EXERCISE PROMPT - With the pictures removed, write out the data below exactly.

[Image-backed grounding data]
Segment Open
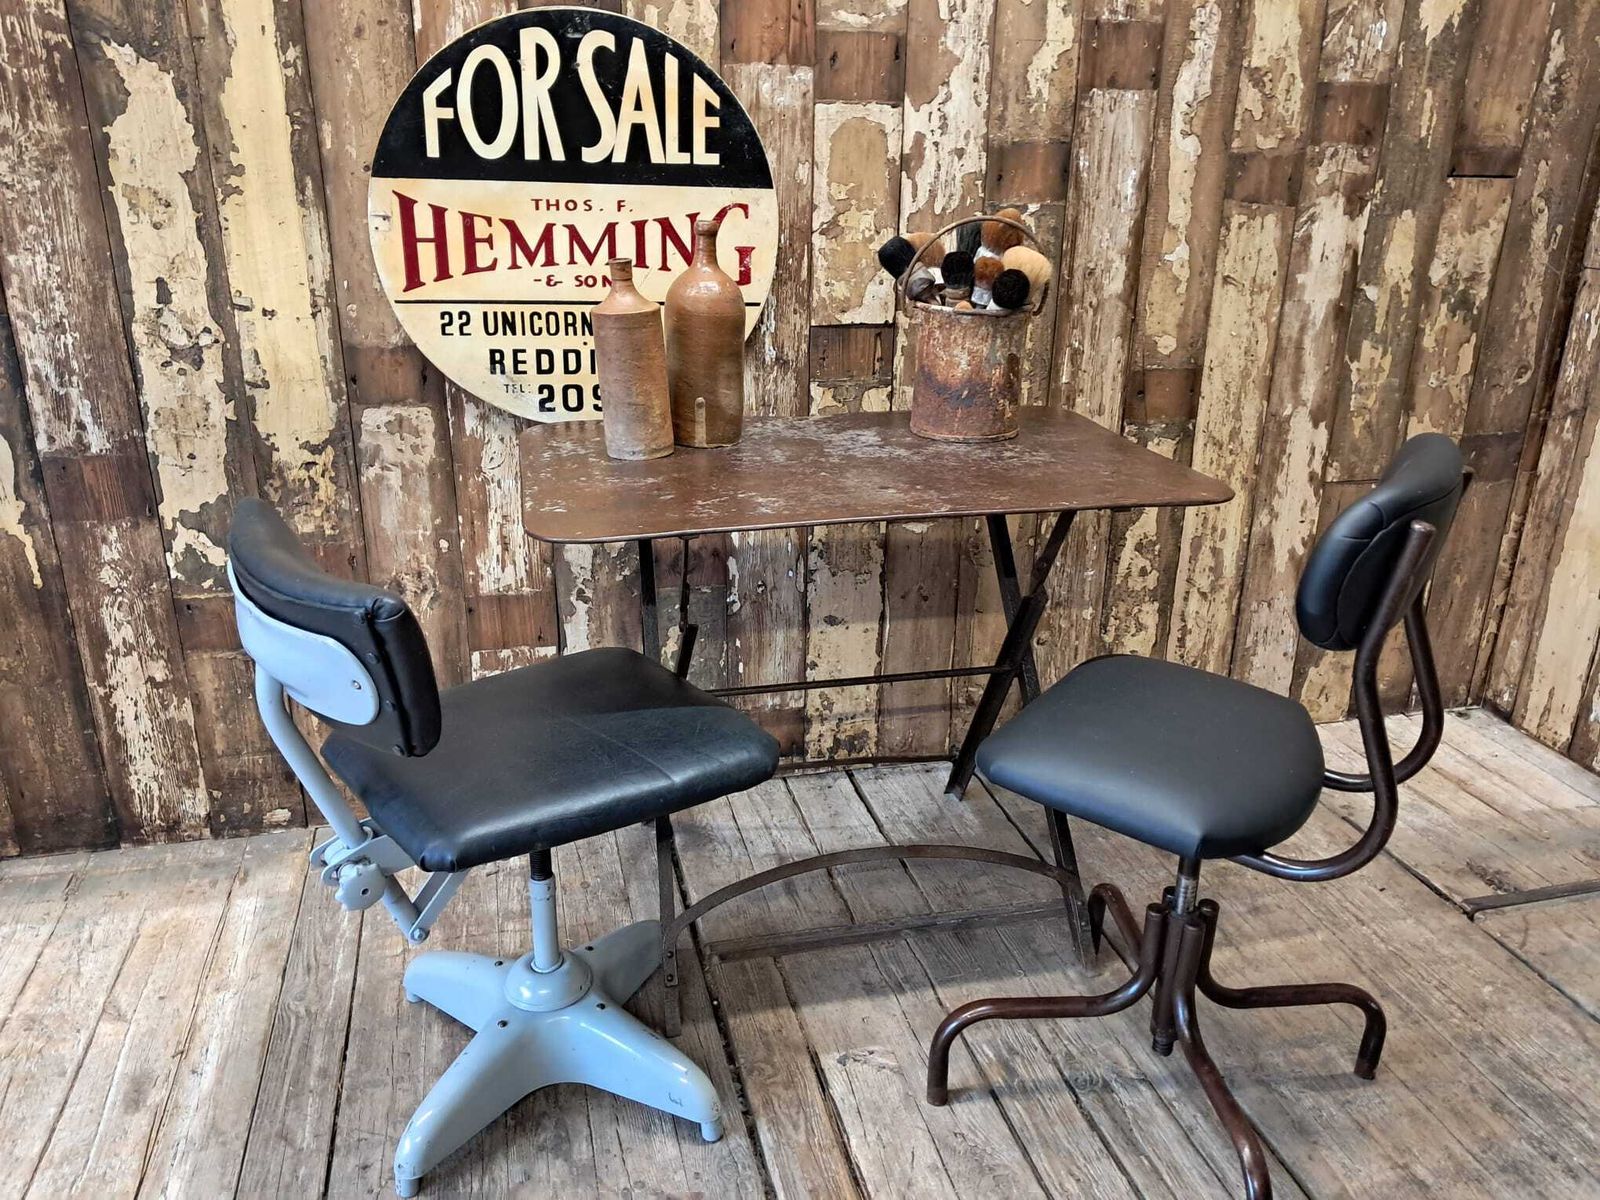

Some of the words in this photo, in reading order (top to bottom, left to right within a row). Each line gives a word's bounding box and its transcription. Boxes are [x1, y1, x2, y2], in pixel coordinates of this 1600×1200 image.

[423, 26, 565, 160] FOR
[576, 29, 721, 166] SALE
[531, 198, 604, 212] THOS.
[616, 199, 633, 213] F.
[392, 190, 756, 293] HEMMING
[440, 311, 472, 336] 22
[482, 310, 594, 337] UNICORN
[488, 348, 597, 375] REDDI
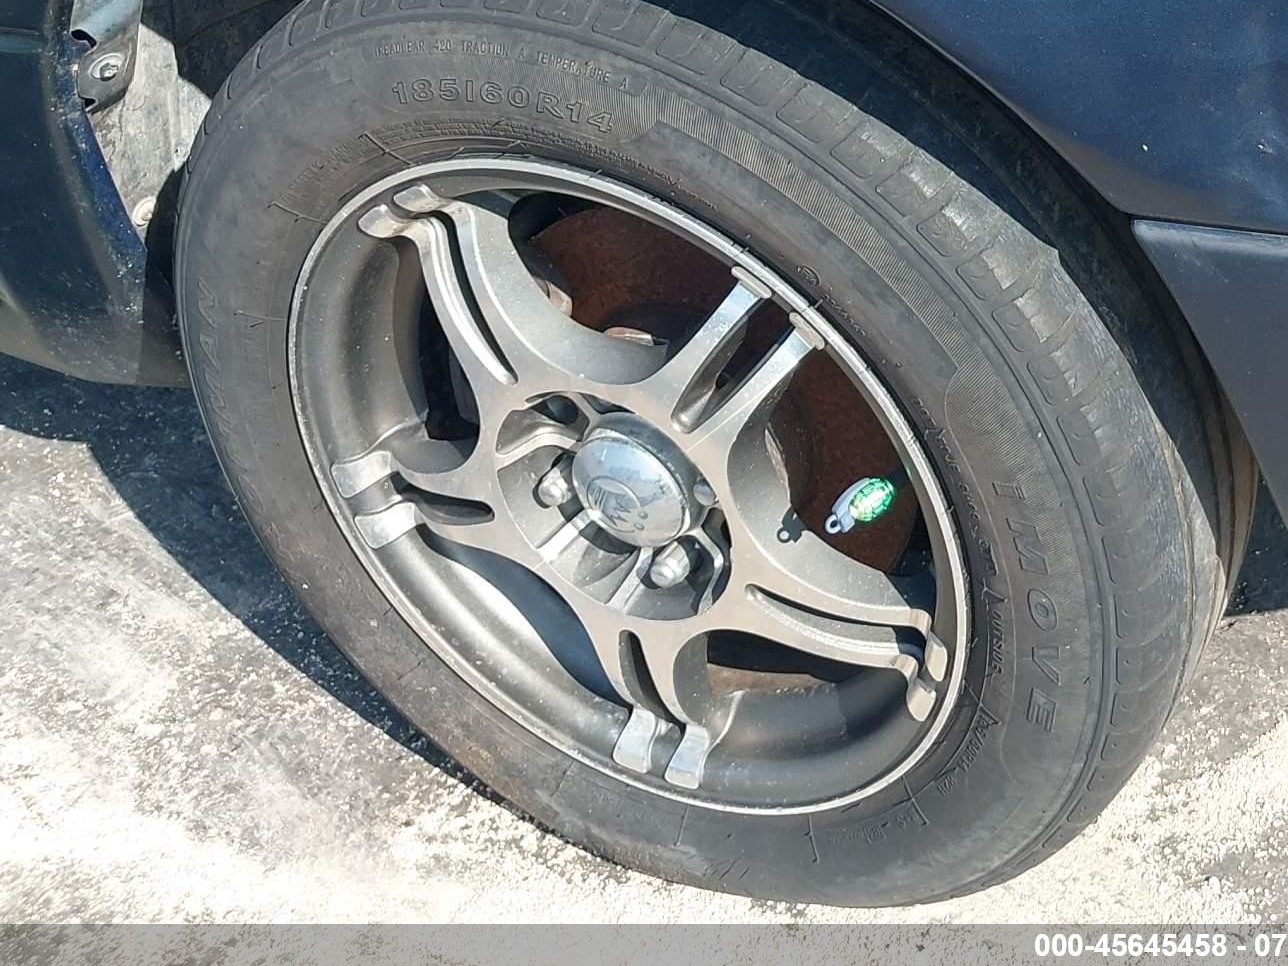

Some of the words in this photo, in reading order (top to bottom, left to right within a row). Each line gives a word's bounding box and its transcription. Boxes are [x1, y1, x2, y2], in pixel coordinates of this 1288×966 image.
Segment Closed
EXERCISE RESPONSE -
Some of the words in this photo, in reading order (top to bottom, left to right within a row). Each line gives a word's bounding box and its transcription. Boxes are [x1, y1, x2, y2], in pixel coordinates of this 1600×1200 image.

[423, 26, 565, 160] FOR
[576, 29, 721, 166] SALE
[531, 198, 604, 212] THOS.
[616, 199, 633, 213] F.
[392, 190, 756, 293] HEMMING
[440, 311, 472, 336] 22
[482, 310, 594, 337] UNICORN
[488, 348, 597, 375] REDDI

Some of the words in this photo, in reading order (top to bottom, left to right within a row). Each line gives a word's bounding box and its transcription. Boxes are [x1, y1, x2, y2], in pixel coordinates of this 1288×966 image.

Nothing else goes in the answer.